Along the way, he gives us a new perspective on the way our brains construct our individual worlds. In his lucid and compelling reconstructions of the mental acts we take for granted–the act of seeing, the transport of memory, the notion of color–Oliver Sacks provokes anew a sense of wonder at who we are.

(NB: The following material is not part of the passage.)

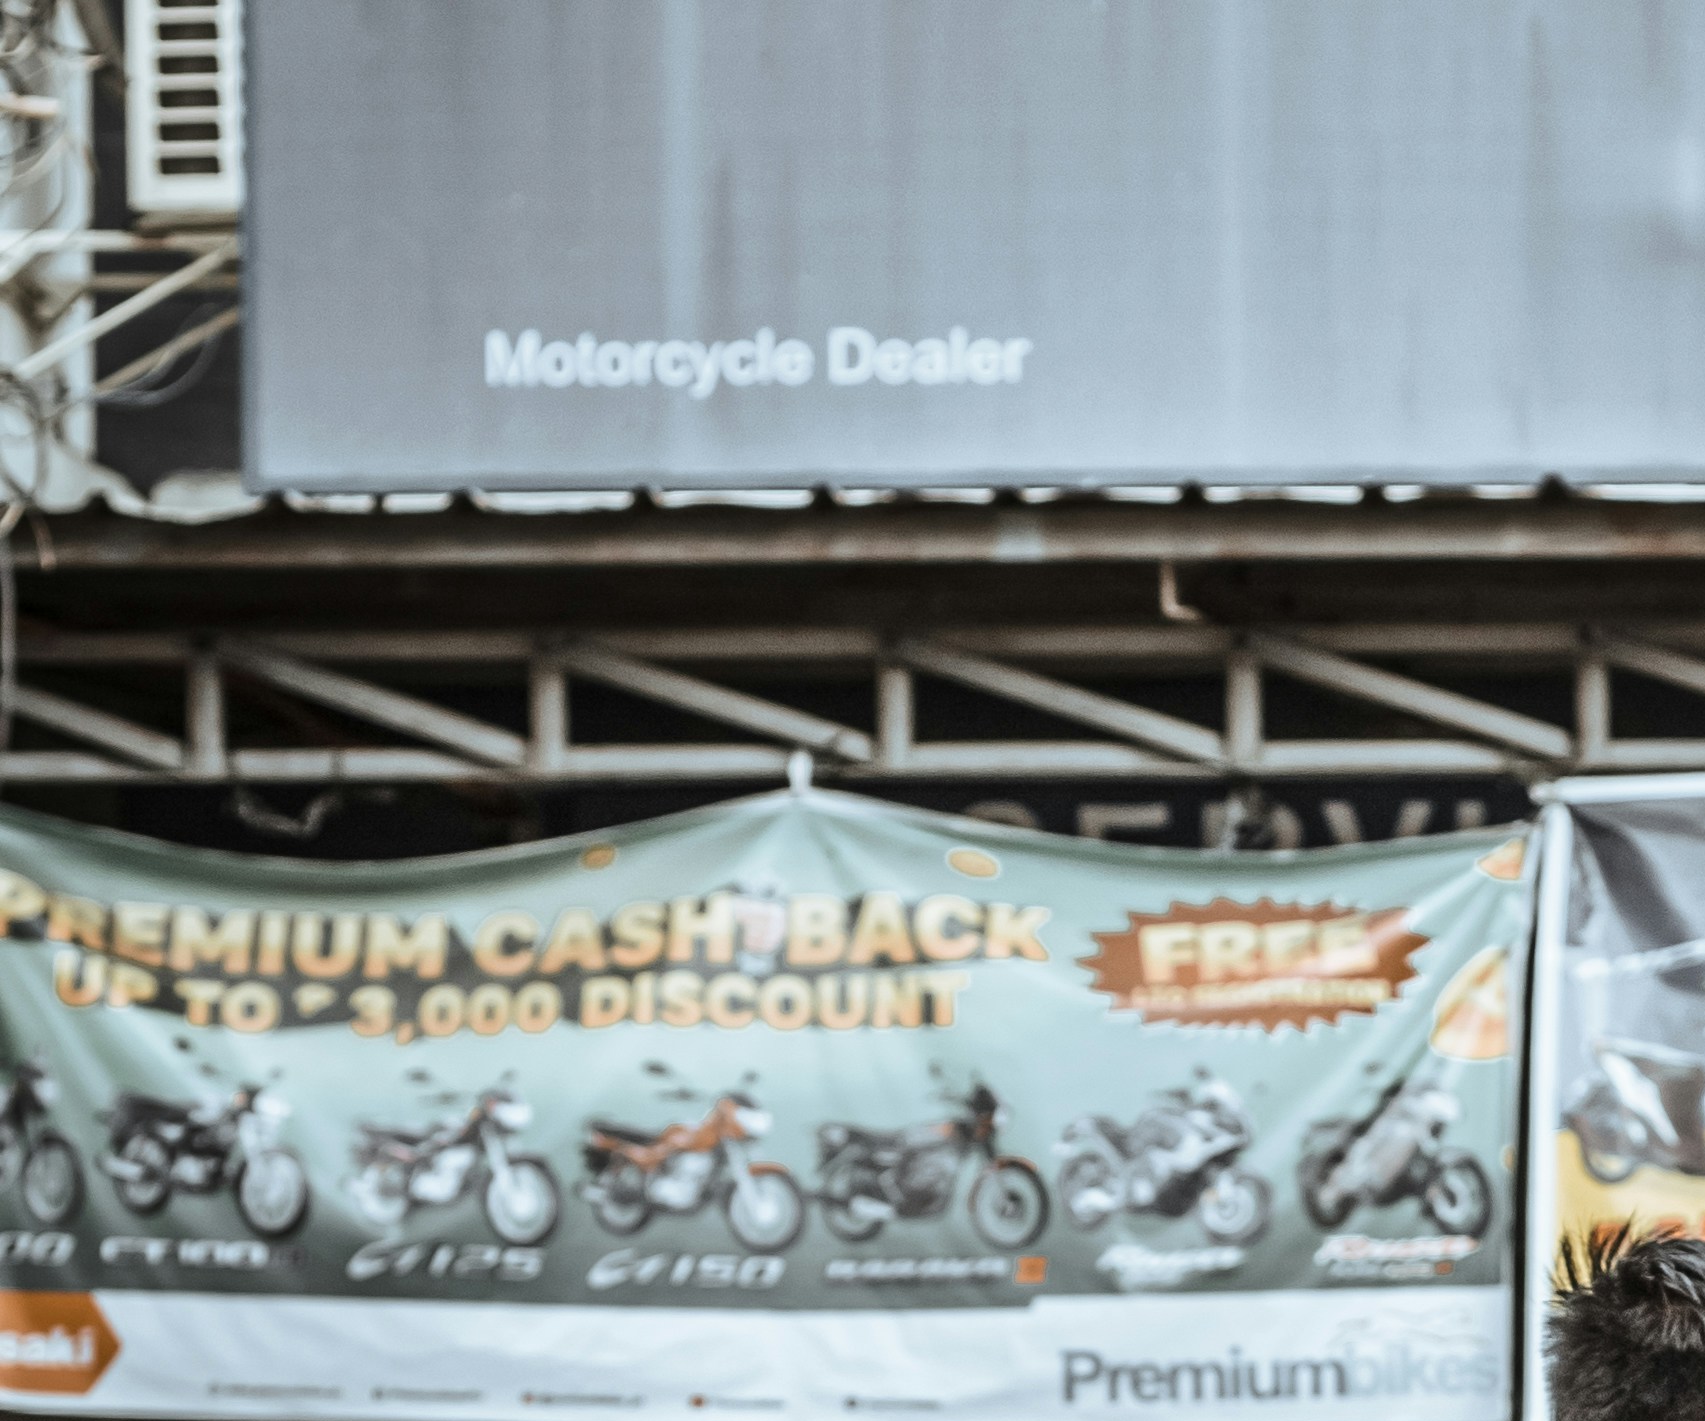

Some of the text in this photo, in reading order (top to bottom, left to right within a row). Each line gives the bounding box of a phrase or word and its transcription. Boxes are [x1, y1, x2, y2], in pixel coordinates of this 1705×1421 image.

Oliver Sacks and Temple Grandin

📷 Oliver Sacks and Temple Grandin

Praise for An Anthropologist on Mars

“A multi-faceted masterpiece…a joy to read….Sacks invites hope where hope has been proscribed, an act that by itself makes this book priceless.” —Chicago Tribune

“A wonderful new book [that] hums with emotional and intellectual energy….It is Dr. Sacks’s gift that he has found a way to enlarge our experience and understanding of what the human is.” Richard Locke, Wall St. Journal

“Engaging…warm…erudite… Sacks is a master at blending science with old fashioned storytelling…he has refined the case-history into an art.” Time

“Oliver Sacks is a chronicler of possibility. In this rich and penetrating exploration of seven ‘deeply altered selves,’ the author of the bestselling The Man Who Mistook His Wife for a Hat and the metaphysical Awakenings opens to the reader doors of perception generally passed through only by those ‘at the far borders of human experience.’” Boston Sunday Globe

“Oliver Sacks is the Carl Sagan or Stephen Jay Gould of his field; his books are true classics of medical writing, of the breadth of human mentality, and of the inner lives of the disabled.” Mary Ellen Curtin

Inspired by An Anthropologist on Mars

The Music Never Stopped – an independent feature film based on “The Last Hippie,” a story in An Anthropologist on Mars. Starring Lou Taylor Pucci, Julia Ormond, J.K. Simmons, and Cara Seymour. Directed by Jim Kohlberg, from a script by Gwyn Lurie and Gary Marks. Chosen to premiere at the 2011 Sundance Film Festival and the Berlin Film Festival. Opening in theaters in March 2011. More info here.

Molly Sweeney – a play by Brian Friel inspired in part by “To See and Not See,” a clinical tale in An Anthropologist on Mars. World premiere Gate Theatre, Dublin, August 1994, with Catherine Byrne, Mark Lambert, and T. P. McKenna; U.S. debut January 1996, Roundabout Theater, with Catherine Byrne, Jason Robards, and Alfred Molina.